Turkish novelist, essayist and women's rights activist (born 1971)

Elif Shafak (Elif Şafak /tr/; née Bilgin; born 25 October 1971) is a Turkish-British novelist, essayist, public speaker, political scientist, and activist.

Shafak (Note: Her name is spelled "Shafak" (with the digraph ⟨Sh⟩ in place of the ⟨Ş⟩) on her books published in English, including the Penguin Books edition of The Forty Rules of Love.) writes in Turkish and English, and has published 21 books. She is best known for her novels, which include The Bastard of Istanbul, The Forty Rules of Love, Three Daughters of Eve, 10 Minutes 38 Seconds in This Strange World, and The Island of Missing Trees. As of 2025, her work had been translated into almost sixty languages, and nominated for several literary awards. She has been described by the Financial Times as "Turkey's leading female novelist", with several of her works having been bestsellers in Turkey and internationally.

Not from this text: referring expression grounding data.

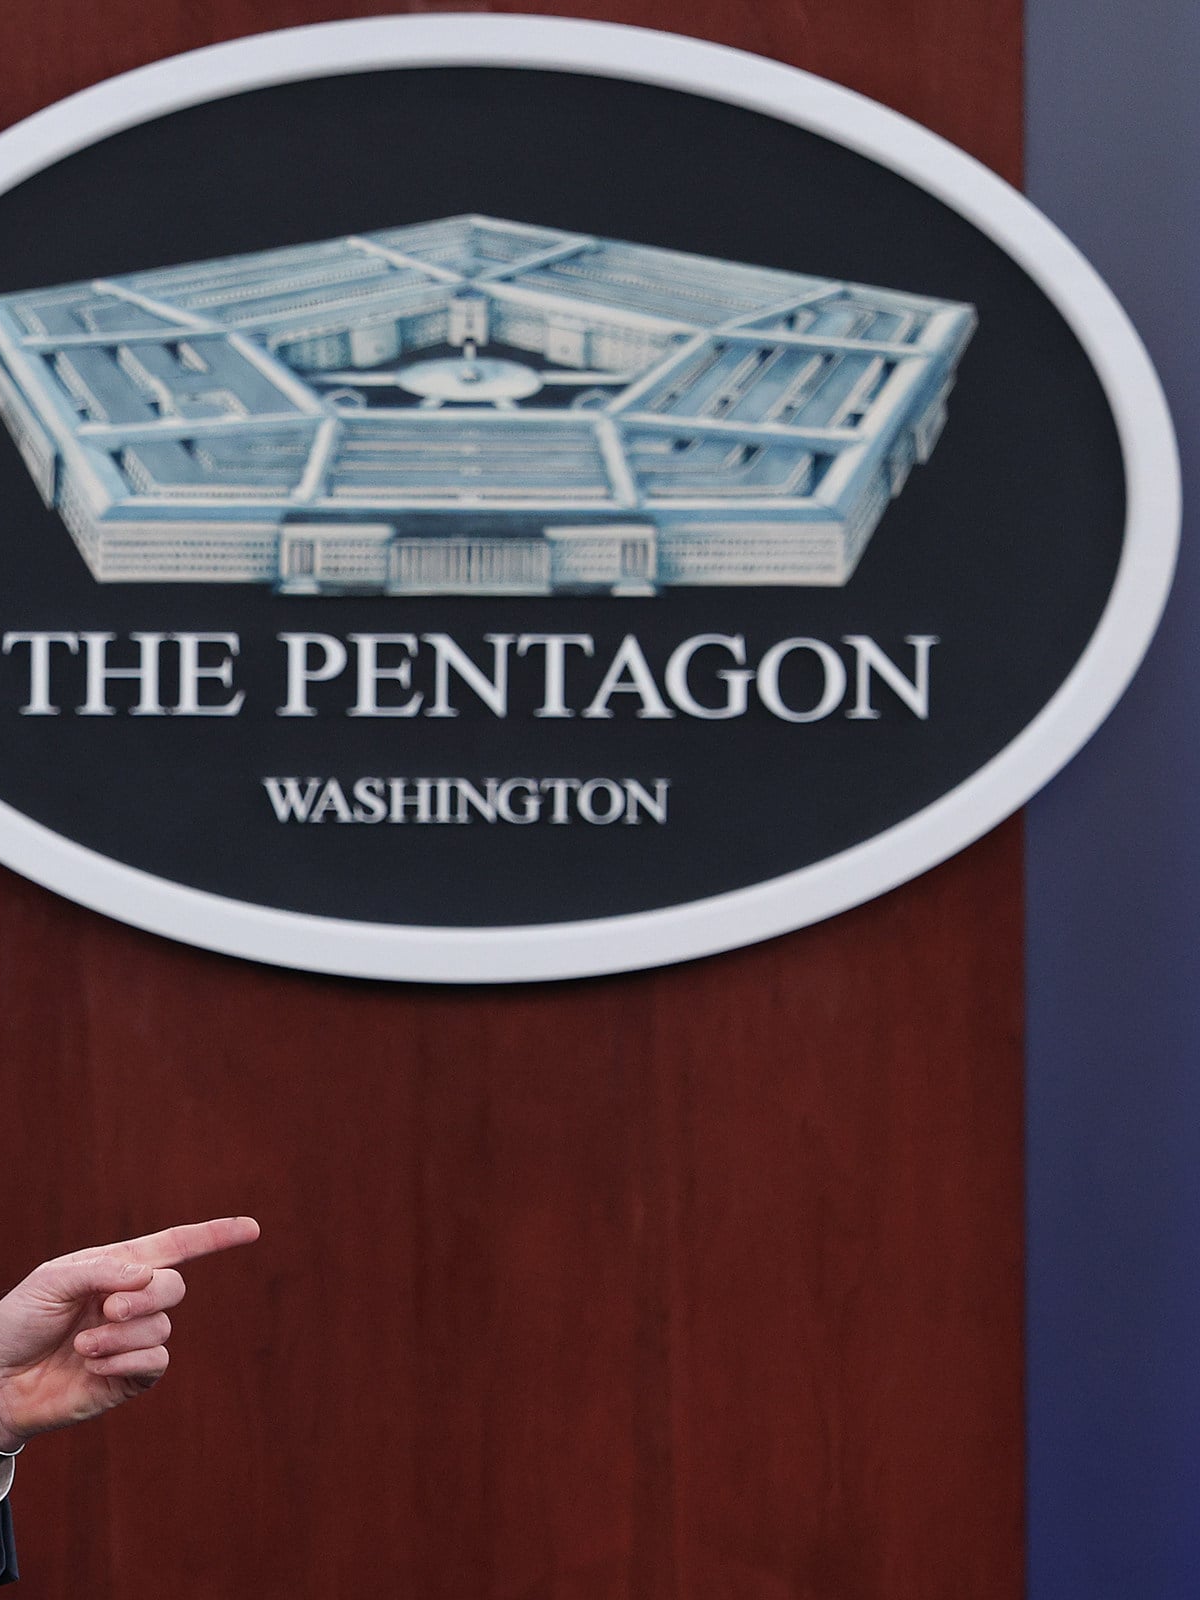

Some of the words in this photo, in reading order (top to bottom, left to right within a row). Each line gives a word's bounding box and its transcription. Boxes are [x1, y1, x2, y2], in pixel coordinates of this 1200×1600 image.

[2, 631, 246, 718] THE
[277, 631, 939, 723] PENTAGON
[263, 776, 670, 826] WASHINGTON
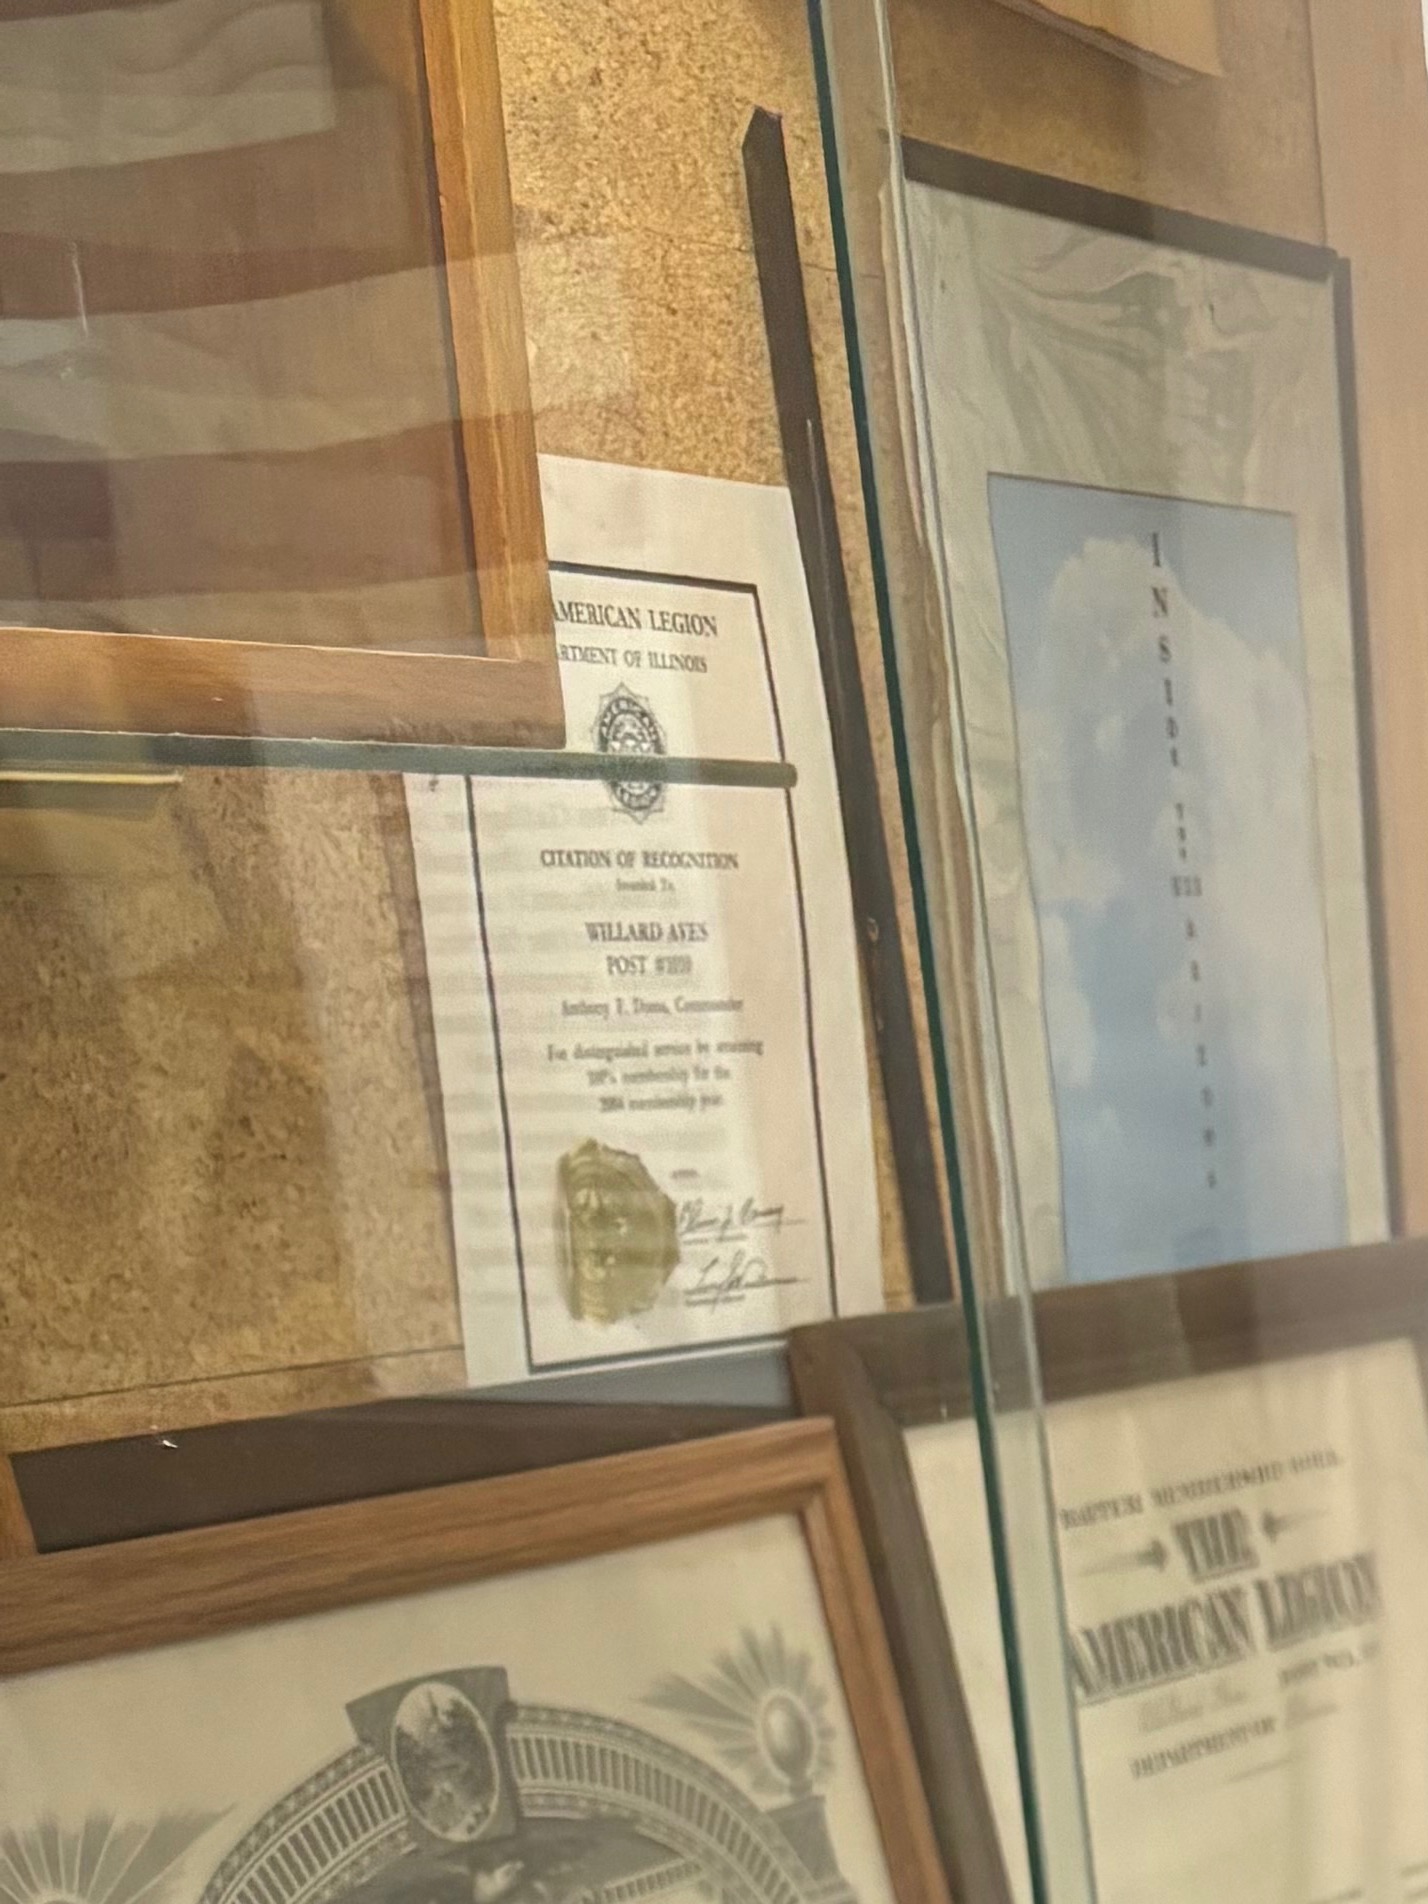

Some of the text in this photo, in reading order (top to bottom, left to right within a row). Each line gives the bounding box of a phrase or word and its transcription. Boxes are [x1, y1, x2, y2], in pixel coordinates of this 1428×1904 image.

[648, 608, 718, 637] LEGION
[559, 643, 708, 674] RTMENT OF ILLINOIS
[540, 849, 740, 869] CITATION OF RECOGNITION
[584, 921, 663, 942] WILLARD
[606, 954, 647, 976] POST
[1072, 1586, 1250, 1703] AMERICAN
[1258, 1552, 1380, 1649] LEGION
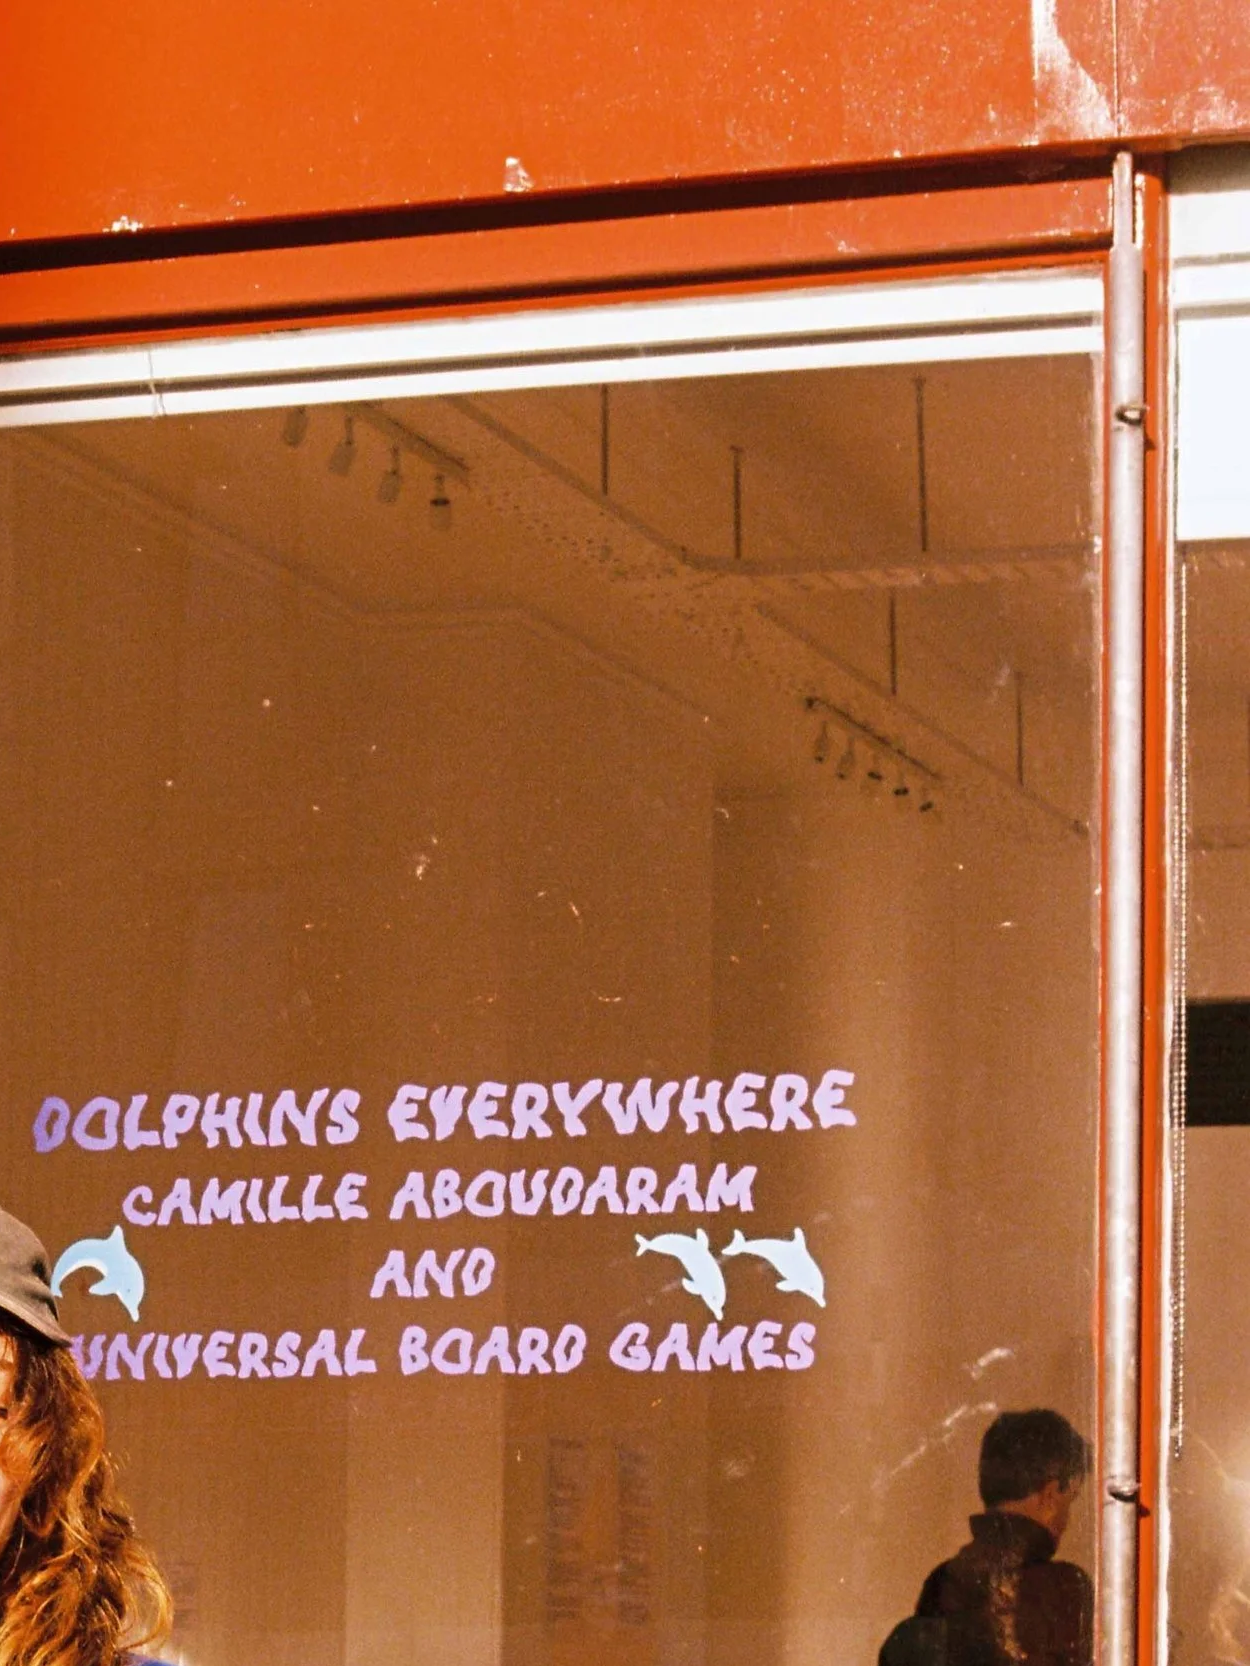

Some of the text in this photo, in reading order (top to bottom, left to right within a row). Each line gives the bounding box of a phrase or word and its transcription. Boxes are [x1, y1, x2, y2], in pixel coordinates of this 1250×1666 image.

[32, 1069, 857, 1153] DOLPHINS EVERYWHERE
[122, 1163, 756, 1227] CAMILLE ABOUDARAM
[369, 1247, 496, 1298] AND
[69, 1319, 816, 1381] UNIVERSAL BOARD GAMES

Her works have prominently featured the city of Istanbul, and dealt with themes of Eastern and Western culture, roles of women in society, and human rights issues. Certain politically challenging topics addressed in her novels, such as child abuse and the Armenian genocide, have led to legal action from authorities in Turkey that prompted her to emigrate to the United Kingdom.

Shafak has a PhD in political science. An essayist and contributor to several media outlets, Shafak has advocated for women's rights, minority rights, and freedom of speech. In December 2025, she was named as the new president of the Royal Society of Literature, taking over the role from Bernardine Evaristo, and in 2026 she was awarded the Helena Vaz da Silva European Award for Raising Public Awareness on Cultural Heritage by Europa Nostra and the Centro Nacional de Cultura in Portugal.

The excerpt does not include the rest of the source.